**Work request:** Output every entry below word for word, minus the images.

**Material provided:**
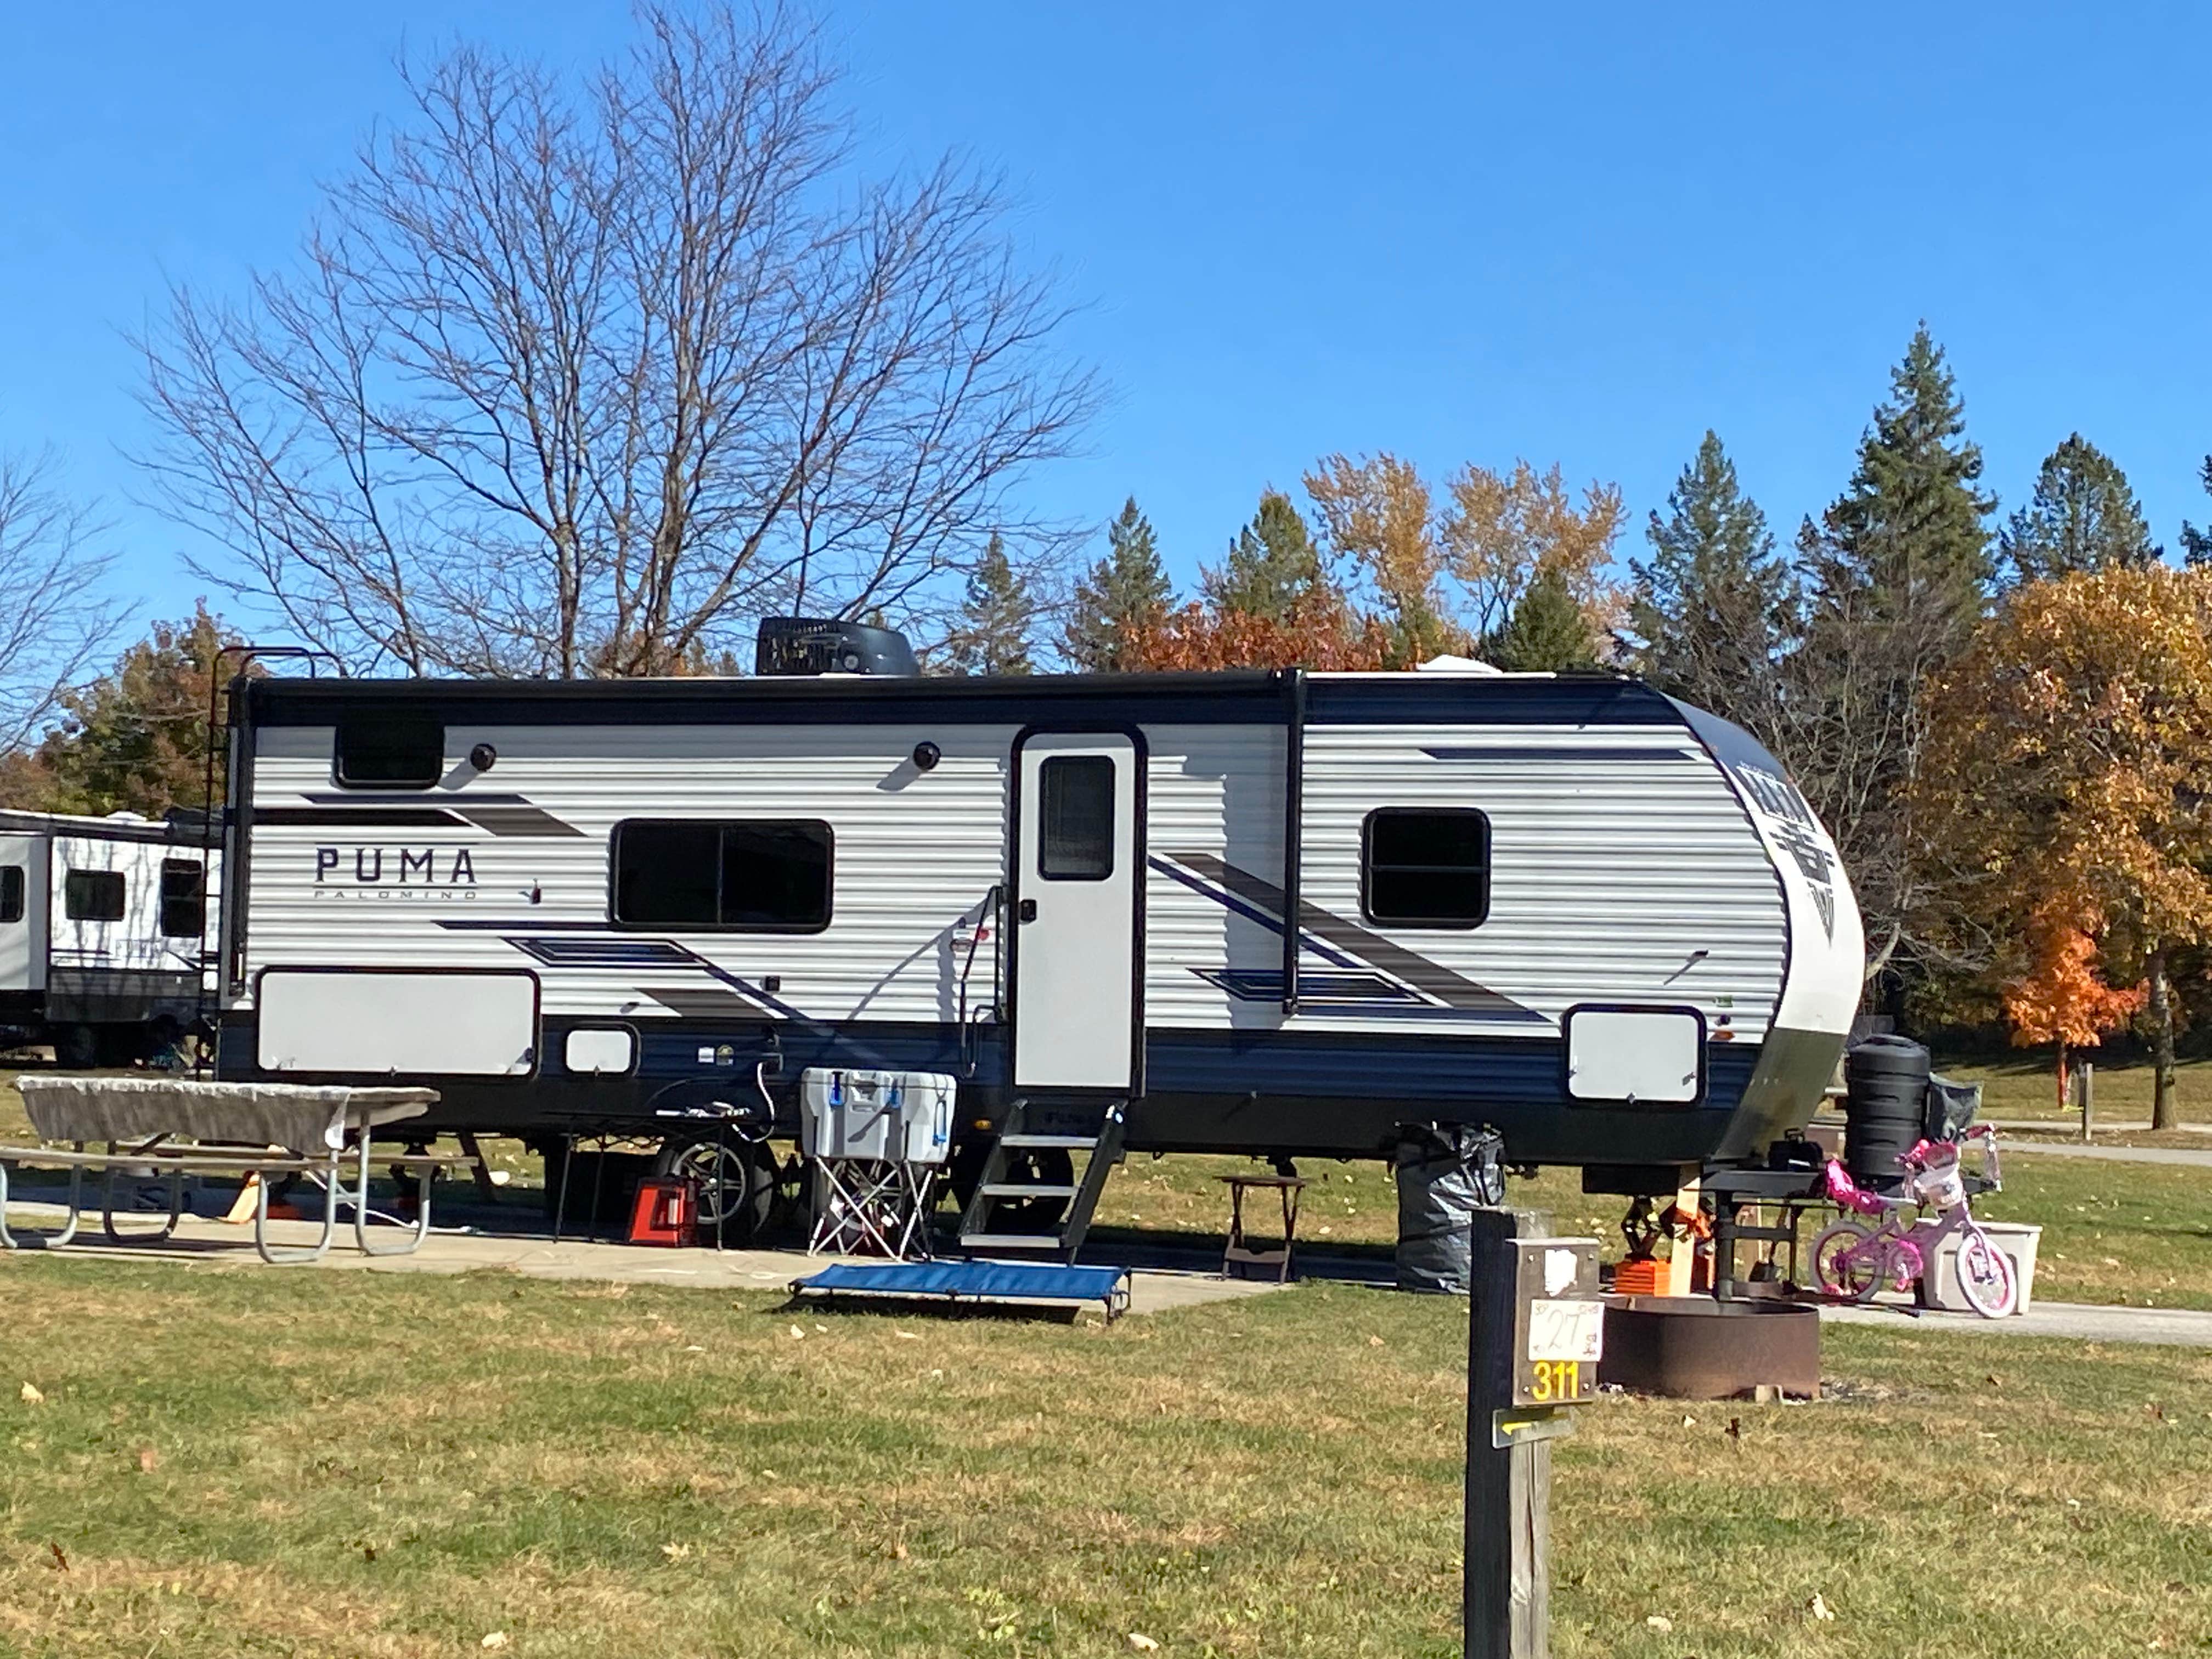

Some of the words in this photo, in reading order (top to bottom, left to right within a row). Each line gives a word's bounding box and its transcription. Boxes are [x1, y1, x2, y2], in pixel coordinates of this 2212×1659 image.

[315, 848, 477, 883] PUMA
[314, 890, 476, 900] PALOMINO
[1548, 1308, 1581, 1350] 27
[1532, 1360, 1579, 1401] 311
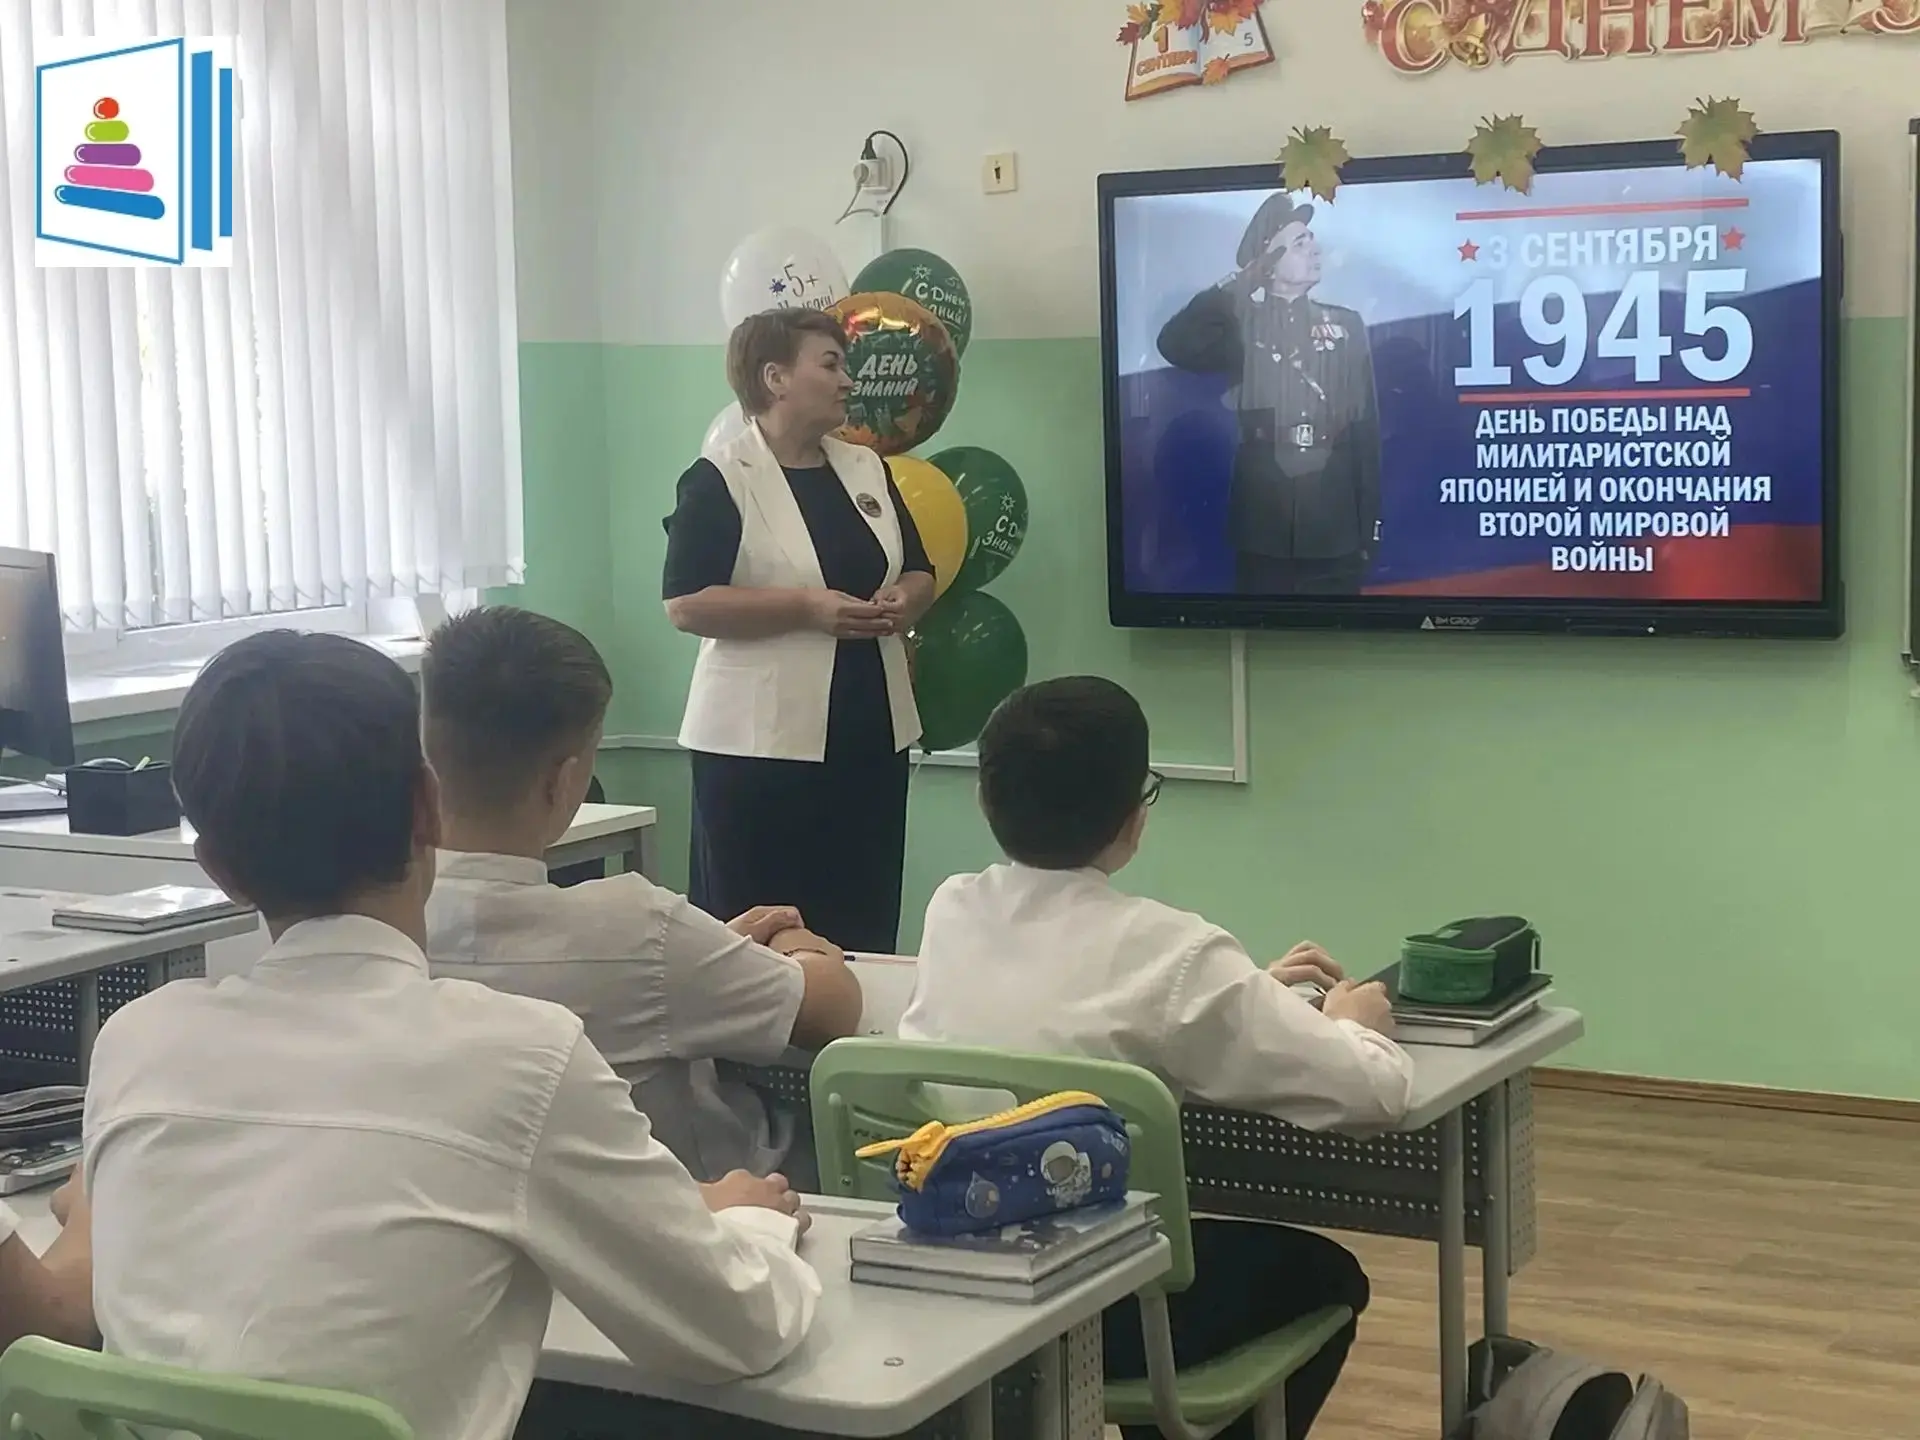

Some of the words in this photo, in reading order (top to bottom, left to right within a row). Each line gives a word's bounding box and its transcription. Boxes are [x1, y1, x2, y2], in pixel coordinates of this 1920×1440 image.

**Answer for the task:**
Some of the words in this photo, in reading order (top to bottom, left to right within a row). Each line gives a word's bounding box and its transcription. Boxes are [x1, y1, x2, y2], in pixel coordinates of this 2212×1659 image.

[315, 848, 477, 883] PUMA
[314, 890, 476, 900] PALOMINO
[1548, 1308, 1581, 1350] 27
[1532, 1360, 1579, 1401] 311

Some of the words in this photo, in reading order (top to bottom, left to right within a row). Each line gives a word's bounding box and its transcription. Boxes are [x1, y1, x2, y2], in pixel coordinates of this 1920×1440 image.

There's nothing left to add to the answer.